I paused, quickly recounting my first and last days in Pader. Over the last few days, I had said goodbye to each of the groups of young people I worked with as a Peace Club patron. At Friends of Orphans, I hosted a celebration of the student leaders’ accomplishments after escorting them to meet NGO staff and local leaders with whom they could partner after my departure. At the Pader Girls School, news of my coming absence was met with tears. Several girls refused to pose for a photograph, crying until I reassured them that their Peace Club would continue and that I would not forget them. After convincing the girls to do one last “Let there be peace!” cheer, the mood lightened, and I managed to say my goodbyes. The girls escorted me home, singing the words of Matisyahu’s “One Day” the whole way.

My last official day at CCF coincided with the organization’s anniversary celebration, recognizing ten years of service to war-affected women and children. I had worked hard in the preceding weeks to help organize everything from the exhibition tents to the final program of speakers and presenters. After the exhausting five day event, I was met in the kitchen of my home by the organization’s Executive Director who expressed genuine gratitude for all of my efforts.

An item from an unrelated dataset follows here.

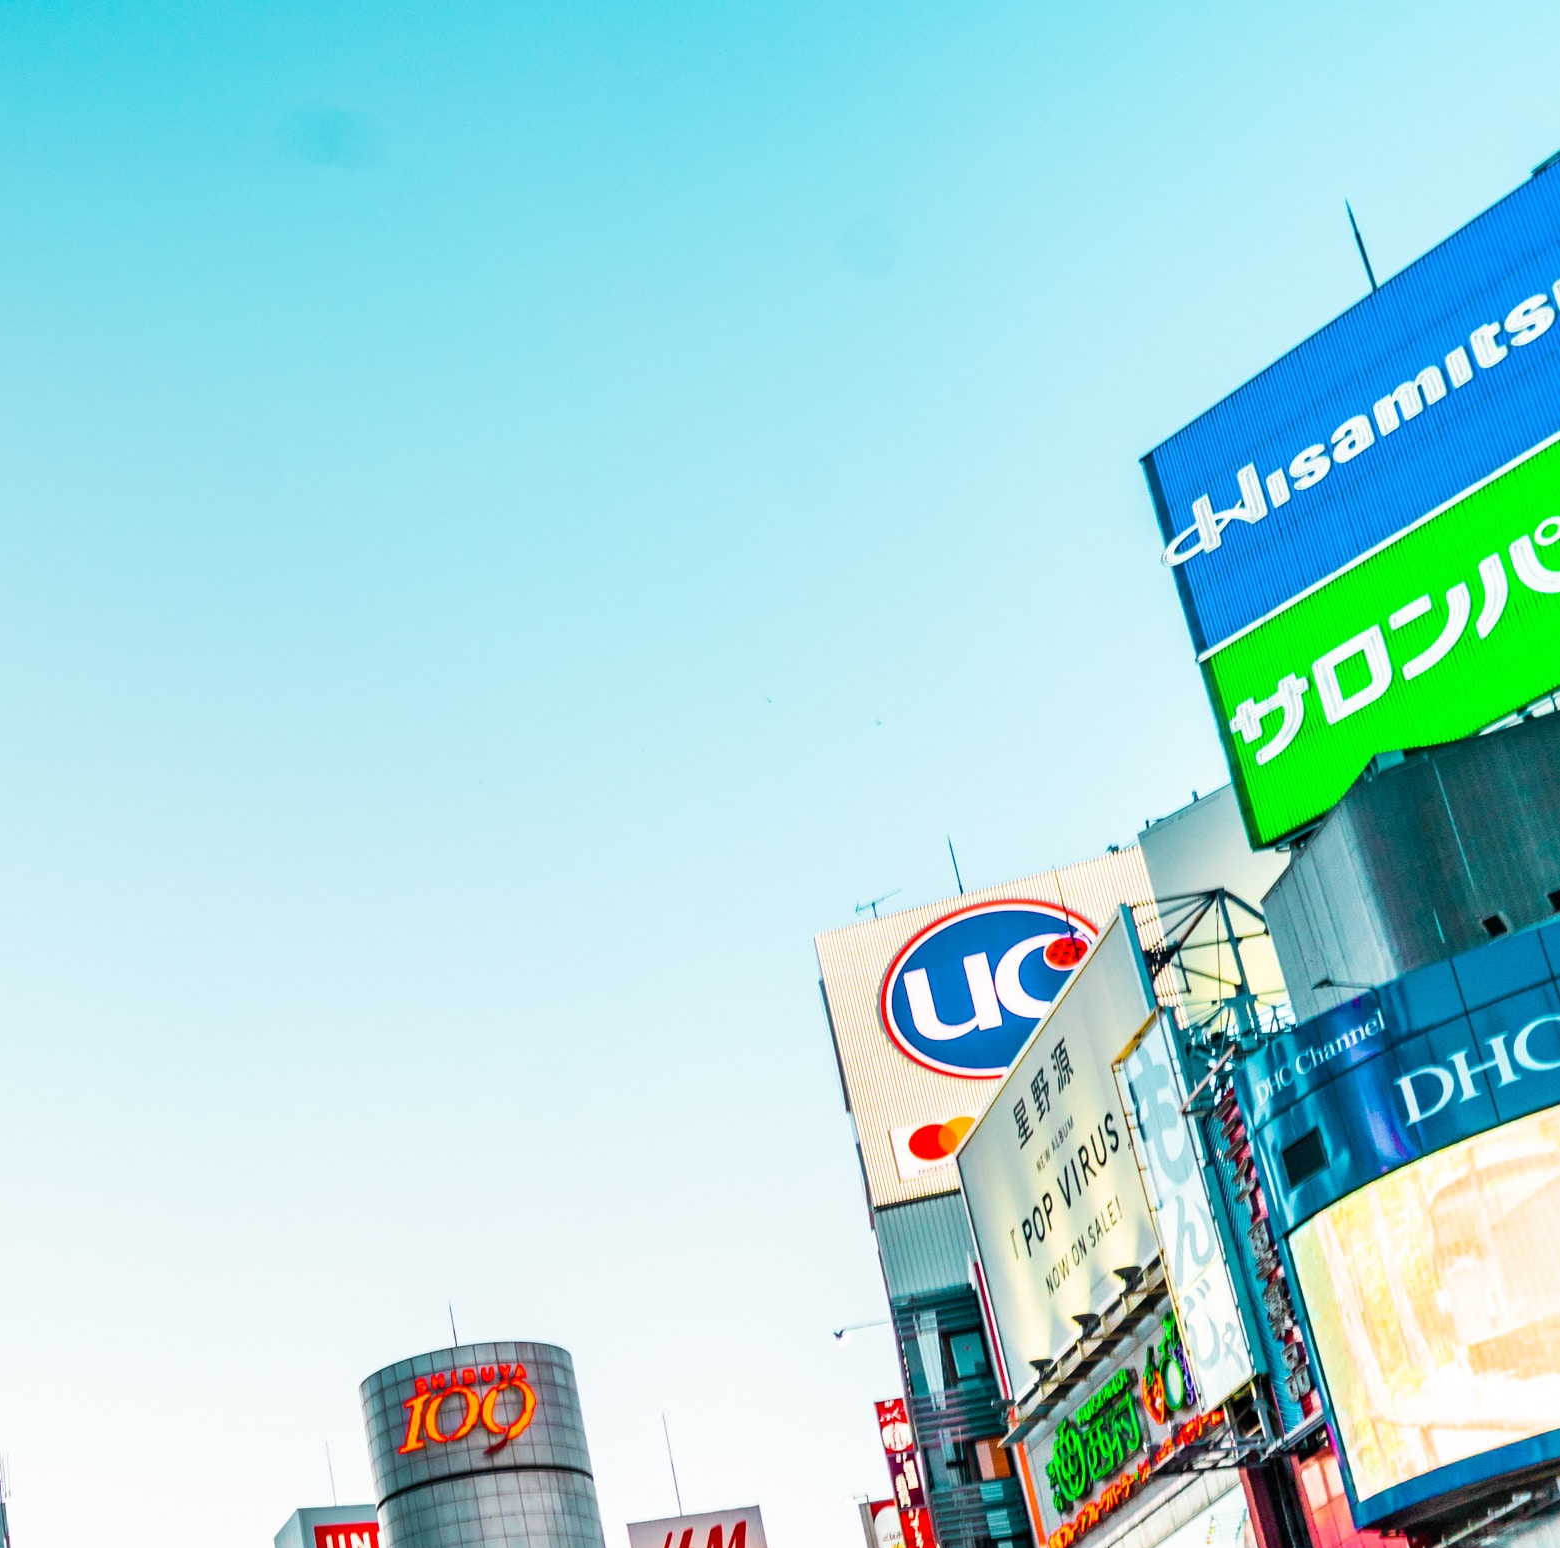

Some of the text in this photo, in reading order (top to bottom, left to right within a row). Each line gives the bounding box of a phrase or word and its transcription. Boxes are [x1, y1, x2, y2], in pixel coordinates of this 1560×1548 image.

So, did I make a difference?

In future resumes, my experience in Pader may be summarized by a list of achievements: the creation of a Kids for Peace curriculum for war-affected populations; training over 400 Peace Club members in Pader and Agago Districts; directly leading four peace clubs whose members organized service days, human rights trainings, peer counseling sessions, and shared their Peace Pledge with international ambassadors, local leaders, and members of the Ugandan Parliament; developing the capacity of two local NGOs through technology training, monitoring and evaluation, and documentation; teaching English and computer skills to formerly abducted children; etcetera, etcetera...

From the reactions of my students, I do hope it is not too far of a stretch to imagine that for some, I had the kind of impact upon their life that the best teachers of my youth had upon my own. It may not be an earth shattering revolution, but from small but meaningful interactions, the course of one’s life can change.

Led by Northern Uganda’s youth, I hope a culture of kindness, peace, and environmental awareness continues to develop. The youth have learned new skills, exercised leadership, and seen that “it feels good to do good.”

I am leaving Pader satisfied with what I have accomplished in my short time here. I won’t miss all of the challenges of daily life I faced, but I will miss working with others every day to do “all the good we can, by all the means we can.”